Two of these afflicted Stoffel Vandoorne; one Alonso. But while Vandoorne's were in practice, Alonso's exploded on his first flying lap in second qualifying.
Unsurprisingly, McLaren's Saturday evening news conference was a depressing place to be.
An unusually short six minutes of awkward questions and answers elicited little information other than that Honda does not know the cause of the MGU-H failures, although F1 boss Yusuke Hasegawa said it was "possibly" related to the circuit and conditions.
All three MGU-Hs are destroyed - and each driver has only four for the season before taking a grid penalty. It took a bit of digging afterwards to discover the failure on Alonso's car also trashed his internal combustion engine. Vandoorne suffered another MGU-H failure - the fourth of the weekend - before the race and could not start.
Back in the McLaren news conference on Saturday, someone asked Alonso whether the driveability of the Honda engine was at least any good. It produced a withering response: "I don't care too much about the driveability if I can't finish a race or a lap in qualifying now."
The news conference was brought to an end shortly after that.
Straight afterwards, Hasegawa went to see Alonso. It was a mistake. Alonso directed him into an office and, still visible through the darkened windows, proceeded to have a largely one-sided, animated conversation.
The Spaniard was very obviously making his feelings clear, albeit in a more controlled fashion than might have been expected in the circumstances.
"I see you had a bit of a chat with Hasegawa-san," I said to him afterwards. "Yes," Alonso replied. "Always calm. You know me."

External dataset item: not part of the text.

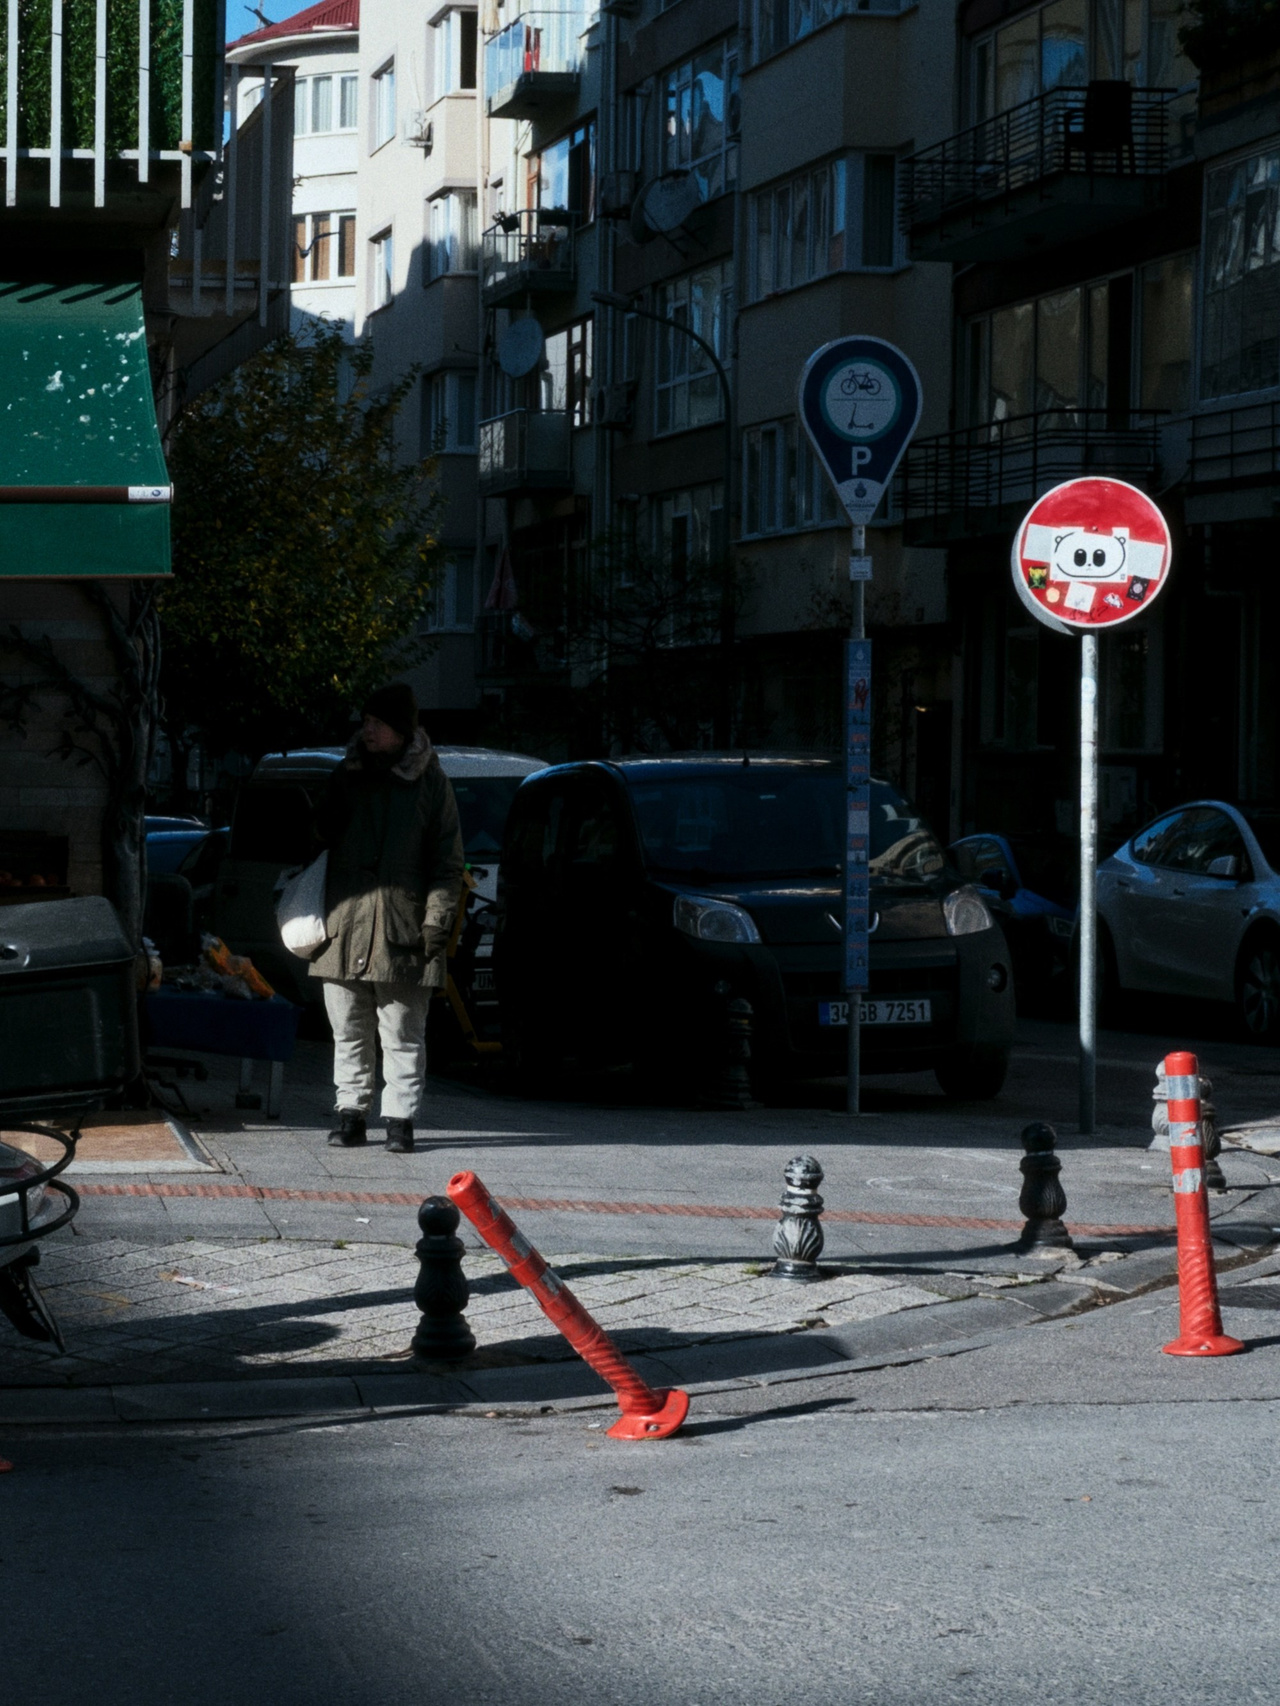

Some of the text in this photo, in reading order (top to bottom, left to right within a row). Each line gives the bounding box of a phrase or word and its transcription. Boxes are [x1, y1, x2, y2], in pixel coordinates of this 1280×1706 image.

[851, 446, 872, 476] P
[831, 1004, 849, 1024] 34
[886, 1002, 926, 1022] 7251

Calm he may be on the outside, but the frustration of driving an uncompetitive car for the third consecutive season is burning inside.
It boiled over in the race, in which he battled for all he was worth for 11th place with Jolyon Palmer's Renault and Daniil Kvyat's Toro Rosso.
Alonso said over the radio he had "never raced an engine with less power" - clearly a message for Honda. After observing that Esteban Ocon's Force India had made up 300 metres on him on one straight, he was asked by engineer Mark Temple for his thoughts on a change of strategy. His reply? "Do what you want, man."
This was not Alonso saying he didn't care. Quite the opposite. He cares very much. As everyone knows, his rightful place is battling at the front. This unsatisfied rage to win is at least partly behind his decision to race at Indy.
Alonso's McLaren contract runs out at the end of this season and racing director Eric Boullier effectively admitted in Bahrain that the Indy programme - and perhaps a future shot at Le Mans - is an attempt to make staying more attractive.
As for Alonso, he said that, much as he wants to win the so-called 'triple crown', further success in F1 is his main priority. He wants a competitive car next year.
How he will get one is unclear. The chances of him going to Mercedes, Ferrari or Red Bull are minimal, which leaves a choice of either staying at McLaren or moving to the fast-improving Renault team.
McLaren have explored the idea of switching to Mercedes customer engines, as BBC Sport revealed last month, but senior sources say the prospect of that happening have now evaporated.
McLaren's official position has always been they are committed to Honda; Honda's is it is "100% committed to our future in Formula 1".
New parts will be tried at this week's test in Bahrain. An engine with an upgrade - albeit a small one - is due at the Spanish Grand Prix next month.
But if they are going to convince Alonso to stay, Honda needs to find more than small improvements. And it needs to find them fast.